→ **WORK INSTRUCTIONS**: Reproduce the entries word for word but drop every picture.

──────── SUPPLIED RECORDS

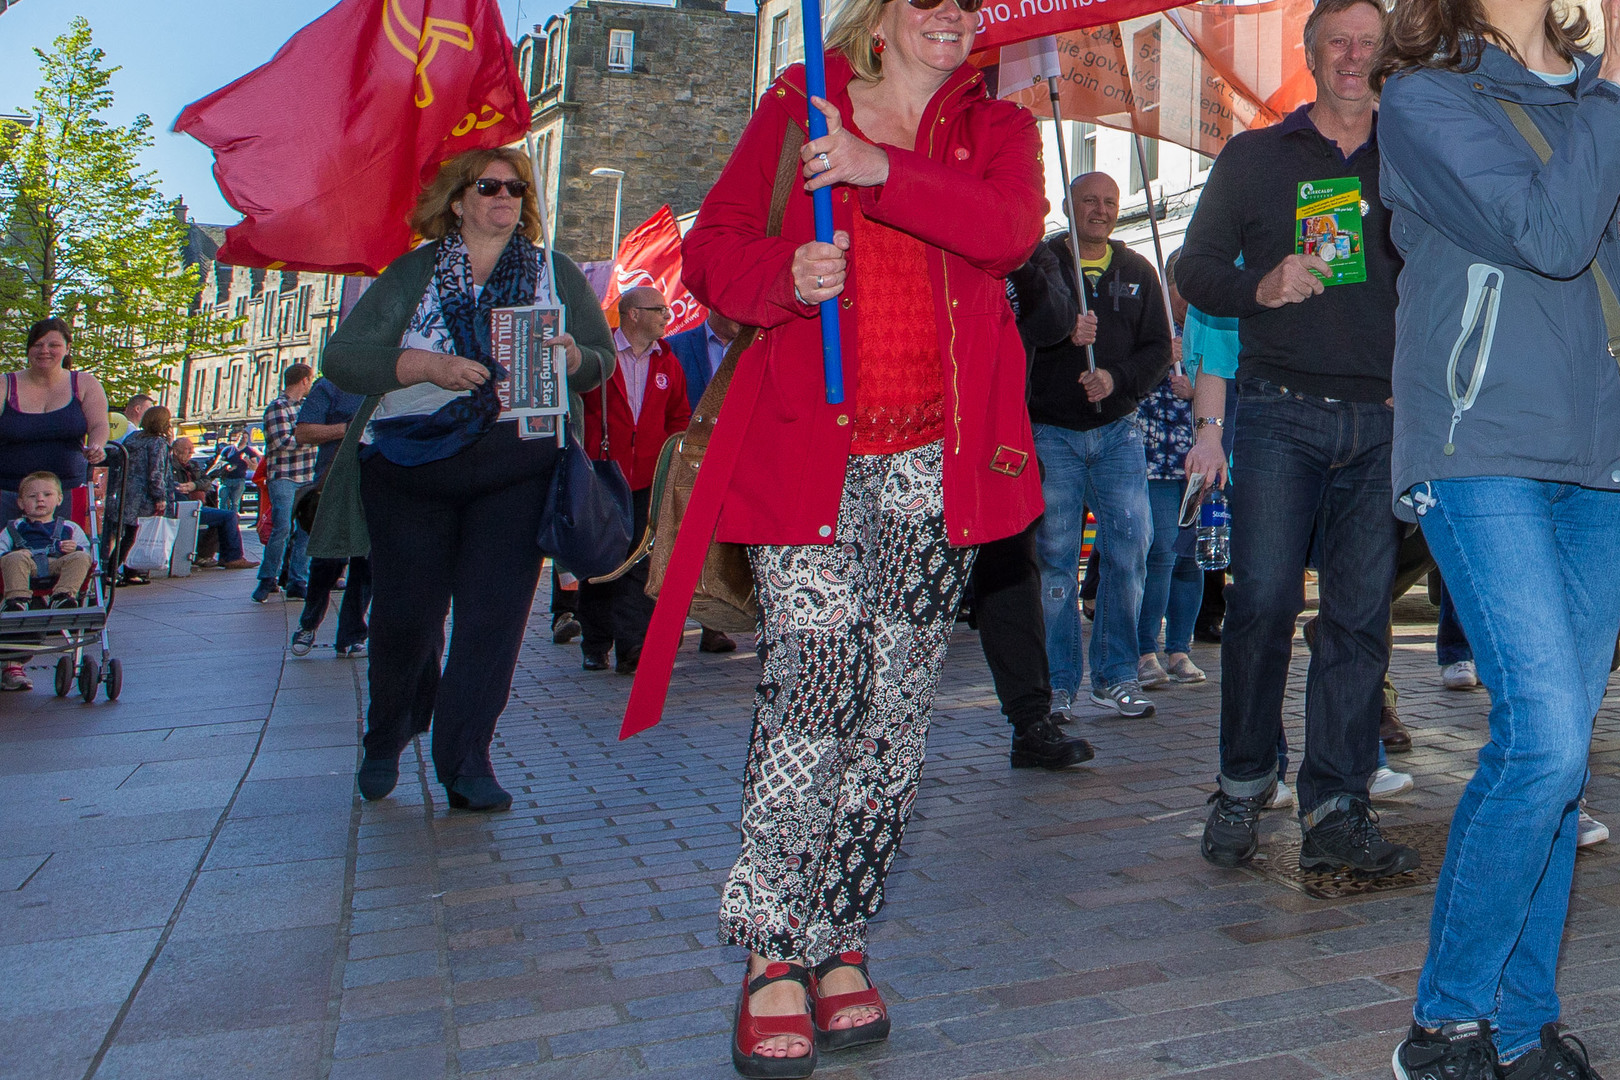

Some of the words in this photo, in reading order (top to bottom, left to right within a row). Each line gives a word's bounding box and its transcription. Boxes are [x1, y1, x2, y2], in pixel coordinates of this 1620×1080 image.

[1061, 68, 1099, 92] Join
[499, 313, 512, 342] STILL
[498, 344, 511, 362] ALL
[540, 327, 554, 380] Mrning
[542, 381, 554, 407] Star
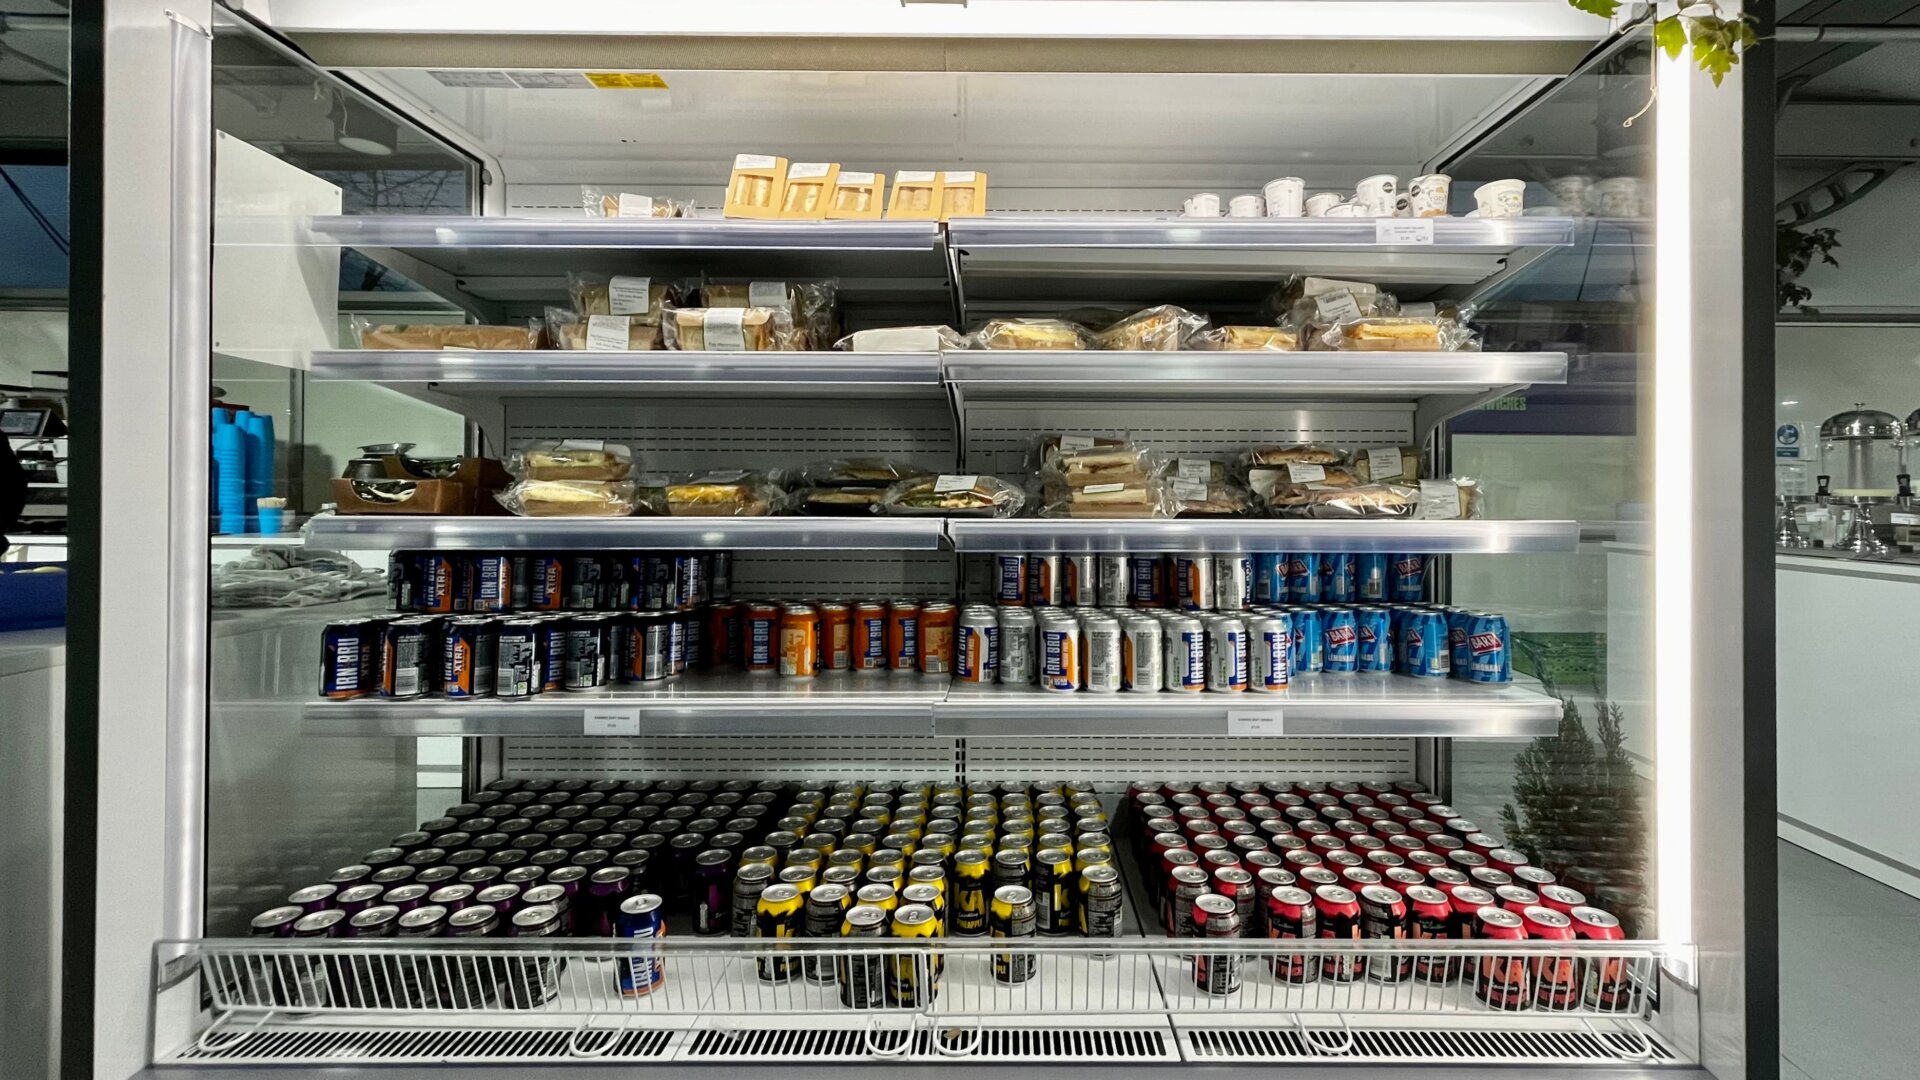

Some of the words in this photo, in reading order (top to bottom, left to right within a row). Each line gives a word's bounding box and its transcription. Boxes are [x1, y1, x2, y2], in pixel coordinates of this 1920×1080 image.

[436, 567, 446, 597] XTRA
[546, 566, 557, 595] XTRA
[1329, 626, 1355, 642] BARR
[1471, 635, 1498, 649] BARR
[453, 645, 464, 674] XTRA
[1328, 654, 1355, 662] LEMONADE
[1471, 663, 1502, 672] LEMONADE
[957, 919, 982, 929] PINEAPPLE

────────────────

→ **ANSWER AREA**:
Some of the words in this photo, in reading order (top to bottom, left to right within a row). Each line gives a word's bounding box and its transcription. Boxes are [x1, y1, x2, y2], in pixel coordinates of this 1620×1080 image.

[1061, 68, 1099, 92] Join
[499, 313, 512, 342] STILL
[498, 344, 511, 362] ALL
[540, 327, 554, 380] Mrning
[542, 381, 554, 407] Star

Some of the words in this photo, in reading order (top to bottom, left to right within a row). Each line gives a word's bounding box and its transcription. Boxes are [x1, y1, x2, y2], in pixel coordinates of this 1920×1080 image.

[436, 567, 446, 597] XTRA
[546, 566, 557, 595] XTRA
[1329, 626, 1355, 642] BARR
[1471, 635, 1498, 649] BARR
[453, 645, 464, 674] XTRA
[1328, 654, 1355, 662] LEMONADE
[1471, 663, 1502, 672] LEMONADE
[957, 919, 982, 929] PINEAPPLE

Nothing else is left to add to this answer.